▸ Task directions
Set down a true copy of the data, with all pictures left out.

▸ Stored entries
>>>>>
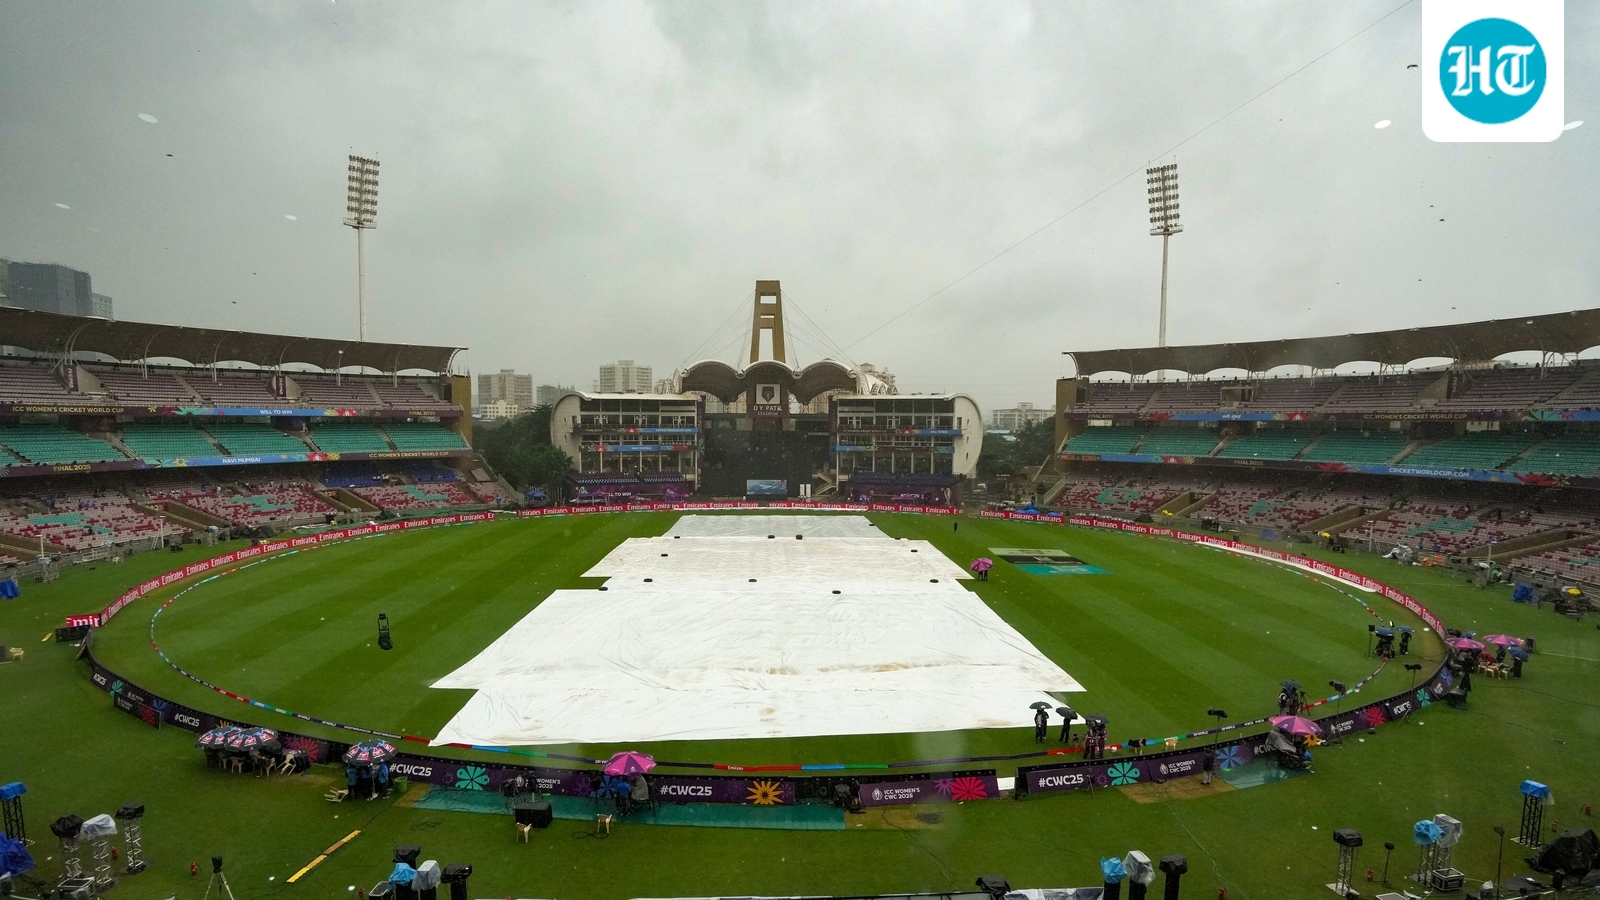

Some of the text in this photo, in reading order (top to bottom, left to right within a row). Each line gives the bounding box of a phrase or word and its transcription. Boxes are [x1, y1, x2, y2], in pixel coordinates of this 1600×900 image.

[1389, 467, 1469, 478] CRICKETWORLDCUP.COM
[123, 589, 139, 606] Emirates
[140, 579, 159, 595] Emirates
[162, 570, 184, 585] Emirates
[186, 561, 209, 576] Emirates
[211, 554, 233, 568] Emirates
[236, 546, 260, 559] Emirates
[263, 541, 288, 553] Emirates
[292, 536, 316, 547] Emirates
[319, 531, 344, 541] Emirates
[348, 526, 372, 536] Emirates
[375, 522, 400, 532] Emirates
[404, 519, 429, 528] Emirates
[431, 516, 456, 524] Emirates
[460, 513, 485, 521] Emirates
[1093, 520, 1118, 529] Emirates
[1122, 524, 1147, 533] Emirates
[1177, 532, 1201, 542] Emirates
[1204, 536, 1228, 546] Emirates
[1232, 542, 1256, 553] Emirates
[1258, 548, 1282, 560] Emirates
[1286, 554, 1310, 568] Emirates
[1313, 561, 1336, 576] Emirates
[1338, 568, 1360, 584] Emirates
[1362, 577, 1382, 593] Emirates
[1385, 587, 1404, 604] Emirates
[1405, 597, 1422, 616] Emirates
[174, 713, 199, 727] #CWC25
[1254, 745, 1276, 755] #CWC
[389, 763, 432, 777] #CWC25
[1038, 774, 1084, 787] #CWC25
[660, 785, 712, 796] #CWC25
<<<<<
▸ Written reply
Some of the text in this photo, in reading order (top to bottom, left to right within a row). Each line gives the bounding box of a phrase or word and its transcription. Boxes are [x1, y1, x2, y2], in pixel coordinates of this 1600×900 image.

[1389, 467, 1469, 478] CRICKETWORLDCUP.COM
[123, 589, 139, 606] Emirates
[140, 579, 159, 595] Emirates
[162, 570, 184, 585] Emirates
[186, 561, 209, 576] Emirates
[211, 554, 233, 568] Emirates
[236, 546, 260, 559] Emirates
[263, 541, 288, 553] Emirates
[292, 536, 316, 547] Emirates
[319, 531, 344, 541] Emirates
[348, 526, 372, 536] Emirates
[375, 522, 400, 532] Emirates
[404, 519, 429, 528] Emirates
[431, 516, 456, 524] Emirates
[460, 513, 485, 521] Emirates
[1093, 520, 1118, 529] Emirates
[1122, 524, 1147, 533] Emirates
[1177, 532, 1201, 542] Emirates
[1204, 536, 1228, 546] Emirates
[1232, 542, 1256, 553] Emirates
[1258, 548, 1282, 560] Emirates
[1286, 554, 1310, 568] Emirates
[1313, 561, 1336, 576] Emirates
[1338, 568, 1360, 584] Emirates
[1362, 577, 1382, 593] Emirates
[1385, 587, 1404, 604] Emirates
[1405, 597, 1422, 616] Emirates
[174, 713, 199, 727] #CWC25
[1254, 745, 1276, 755] #CWC
[389, 763, 432, 777] #CWC25
[1038, 774, 1084, 787] #CWC25
[660, 785, 712, 796] #CWC25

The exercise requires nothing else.